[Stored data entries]
============================================================

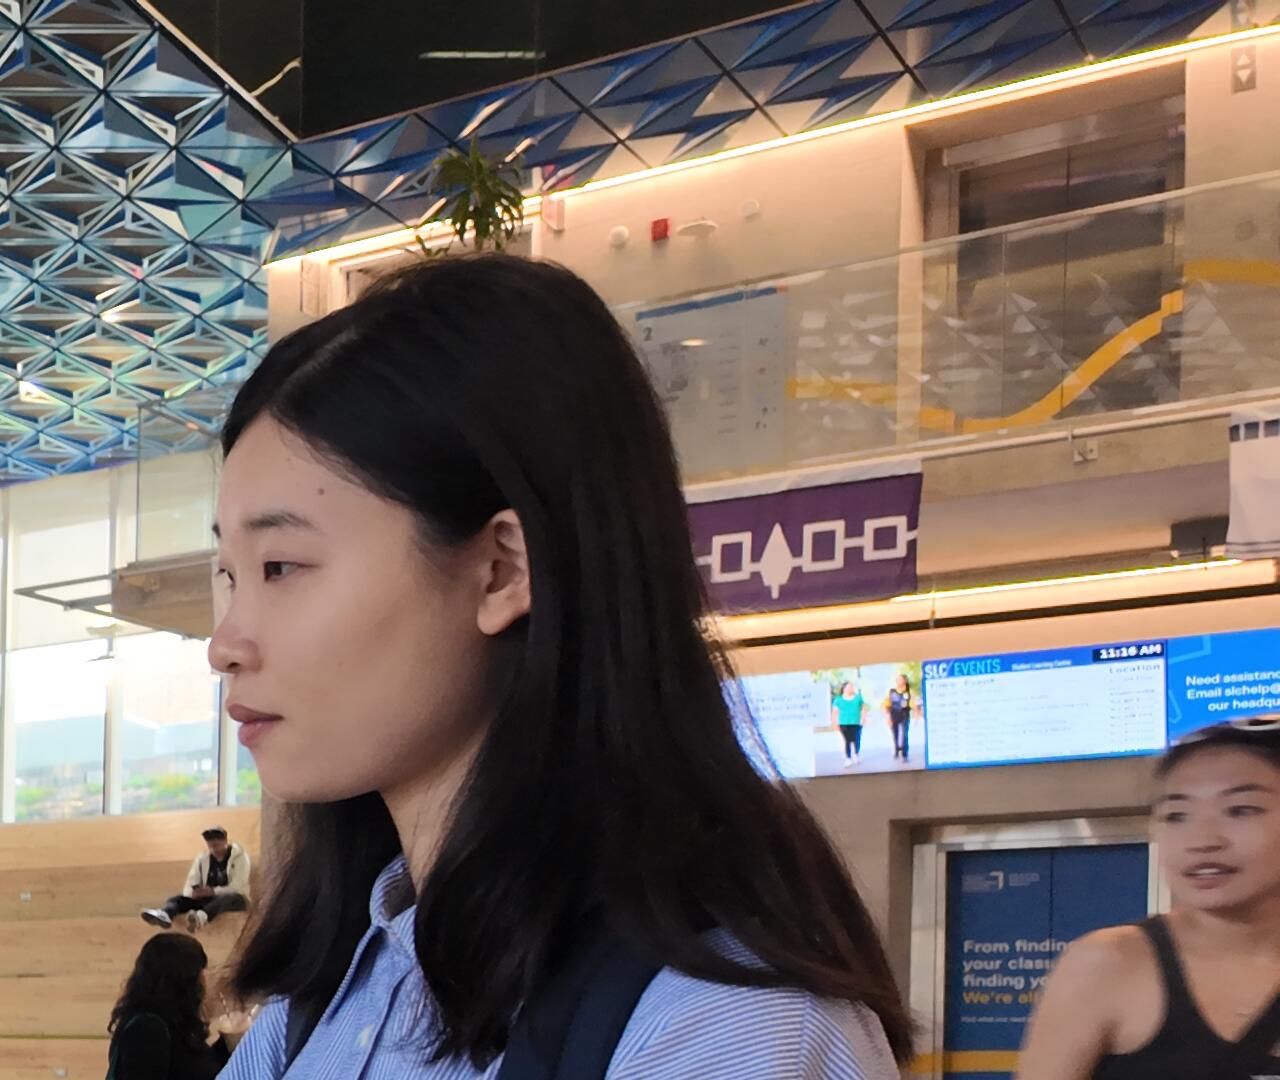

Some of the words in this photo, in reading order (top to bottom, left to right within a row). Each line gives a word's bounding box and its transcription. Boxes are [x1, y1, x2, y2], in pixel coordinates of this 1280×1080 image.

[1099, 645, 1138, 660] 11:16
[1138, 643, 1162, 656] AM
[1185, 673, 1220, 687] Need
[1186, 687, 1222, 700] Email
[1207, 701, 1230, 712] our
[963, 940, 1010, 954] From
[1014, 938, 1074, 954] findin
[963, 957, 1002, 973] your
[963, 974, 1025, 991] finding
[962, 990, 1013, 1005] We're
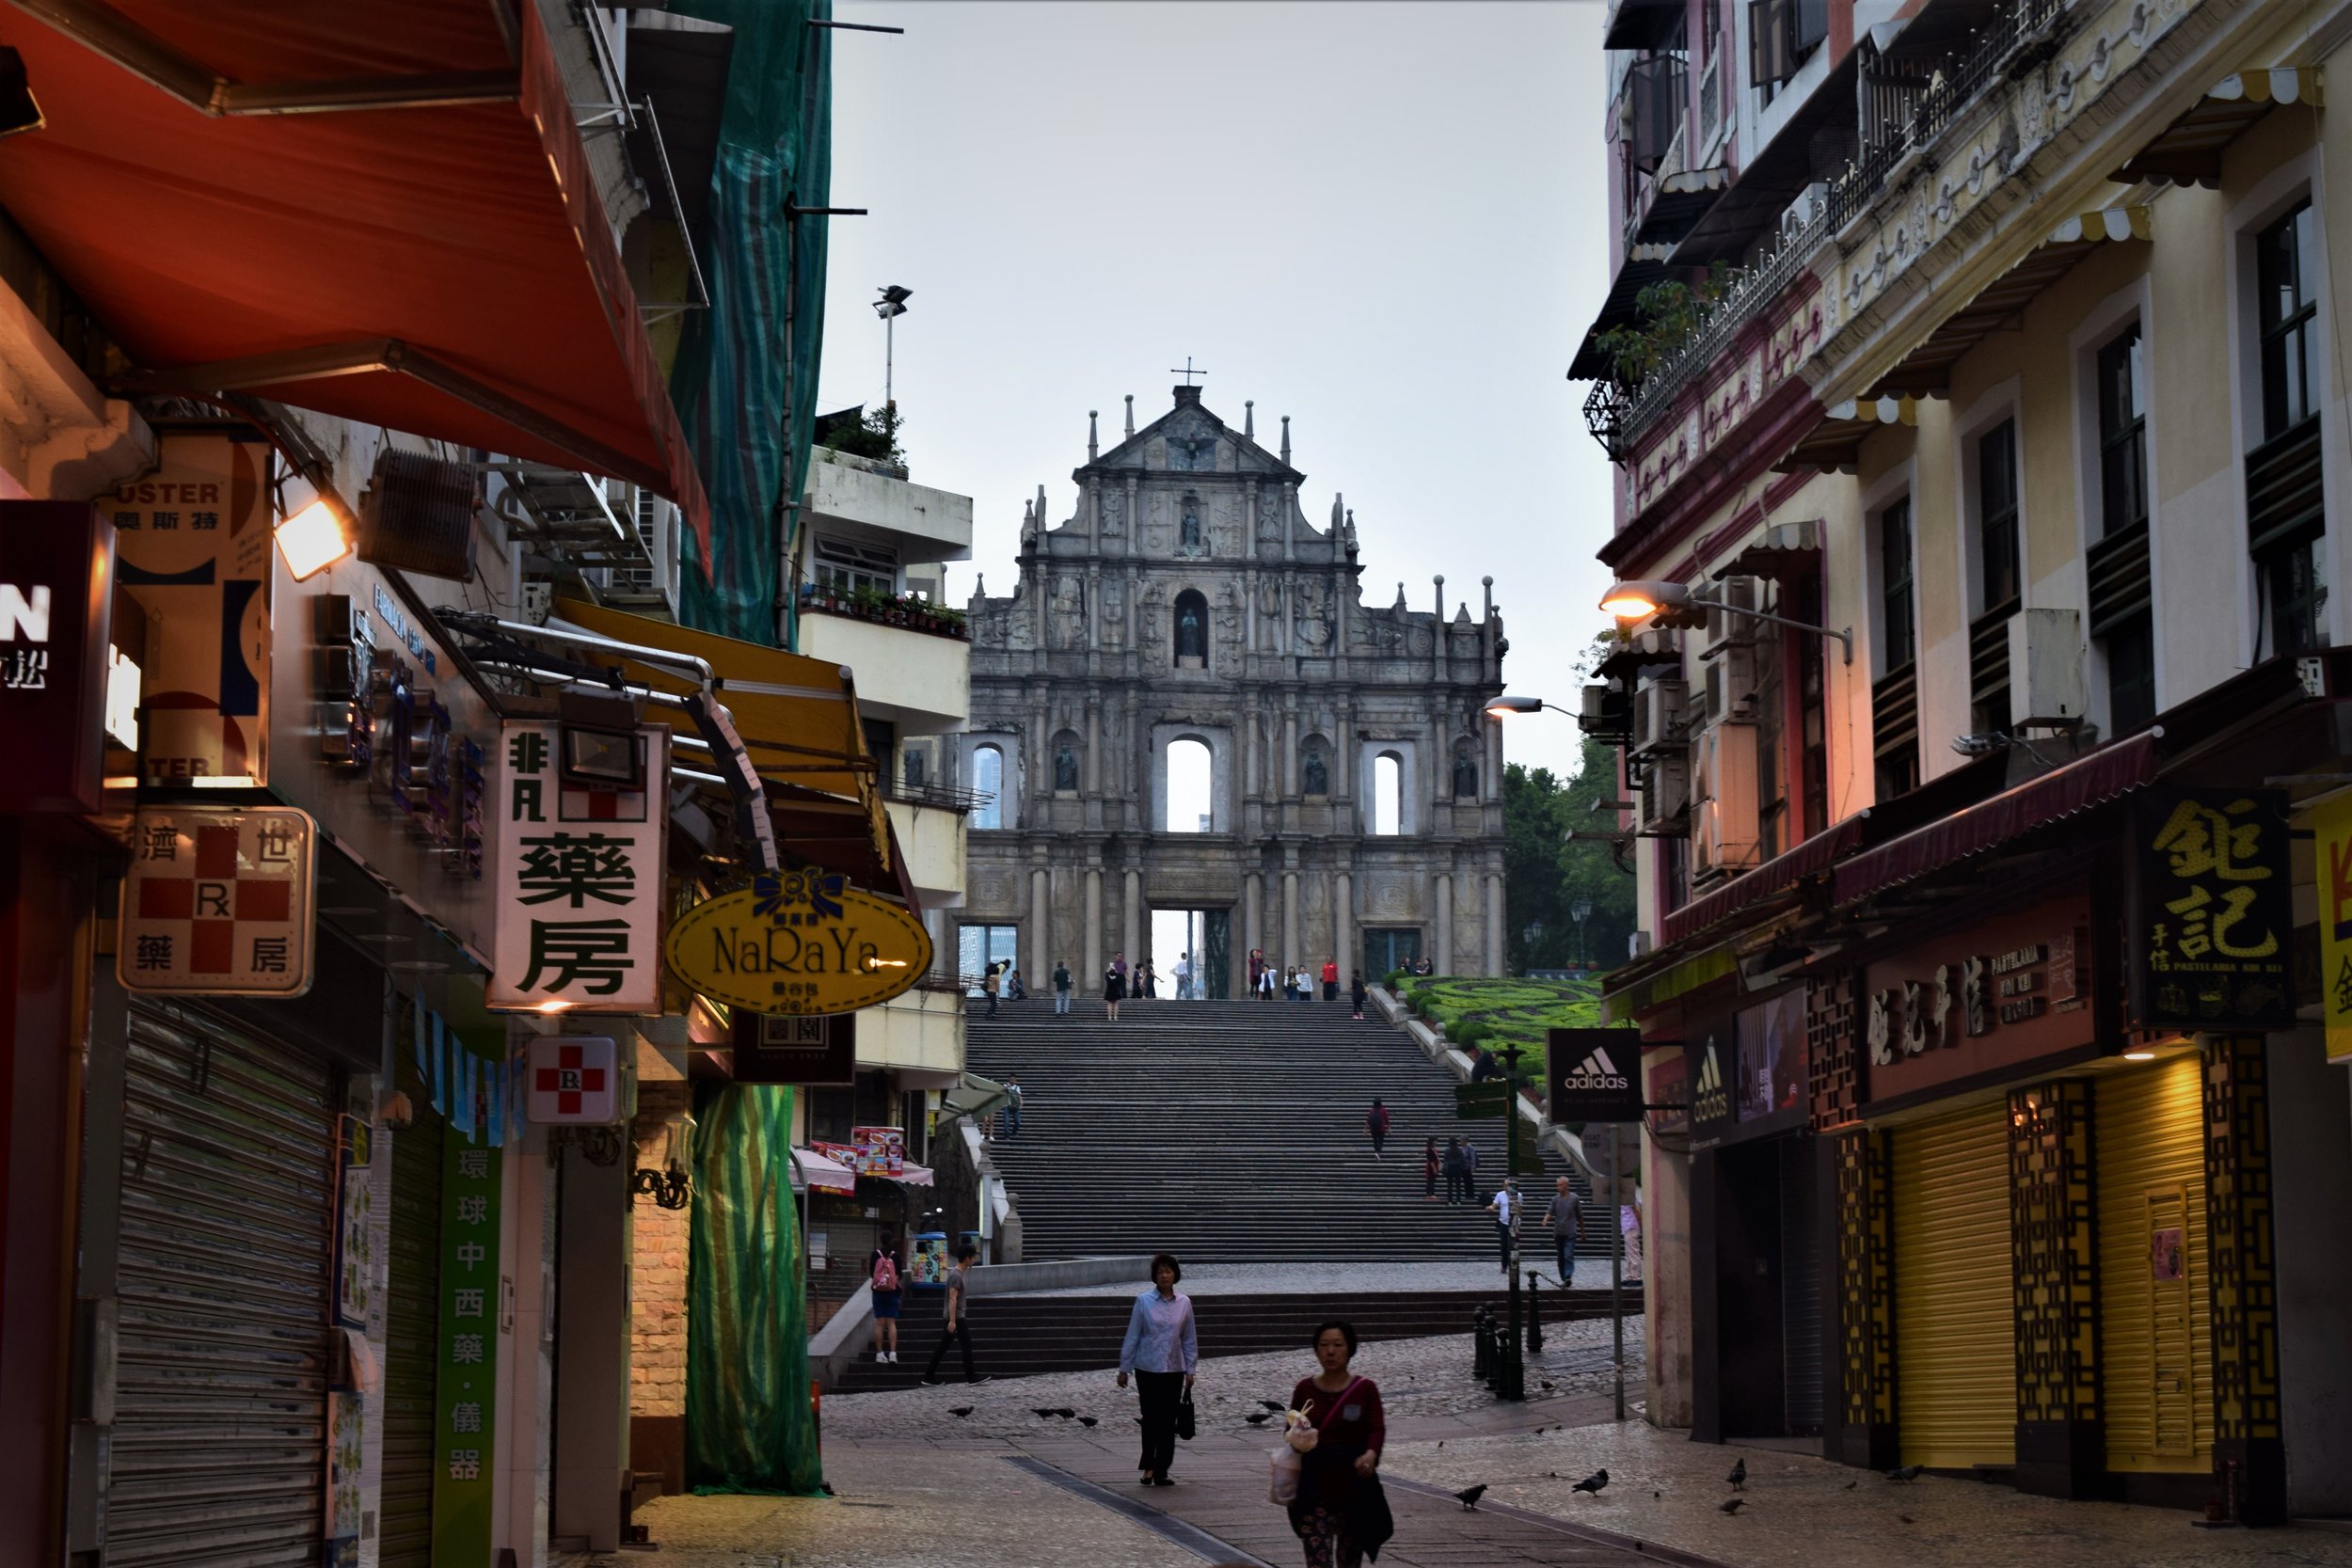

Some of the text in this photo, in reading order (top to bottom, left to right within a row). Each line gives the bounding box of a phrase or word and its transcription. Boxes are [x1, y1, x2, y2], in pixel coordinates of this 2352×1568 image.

============================================================

Excluding images, return all of the records above word for word.

Some of the words in this photo, in reading order (top to bottom, left to right within a row). Each line gives a word's bounding box and its transcription. Boxes are [x1, y1, x2, y2], in pixel coordinates of this 1280×1080 image.

[1099, 645, 1138, 660] 11:16
[1138, 643, 1162, 656] AM
[1185, 673, 1220, 687] Need
[1186, 687, 1222, 700] Email
[1207, 701, 1230, 712] our
[963, 940, 1010, 954] From
[1014, 938, 1074, 954] findin
[963, 957, 1002, 973] your
[963, 974, 1025, 991] finding
[962, 990, 1013, 1005] We're

Some of the text in this photo, in reading order (top to bottom, left to right within a row). Each line gives the bounding box of a phrase or word and its transcription. Boxes are [x1, y1, x2, y2], in pixel coordinates of this 2352×1568 image.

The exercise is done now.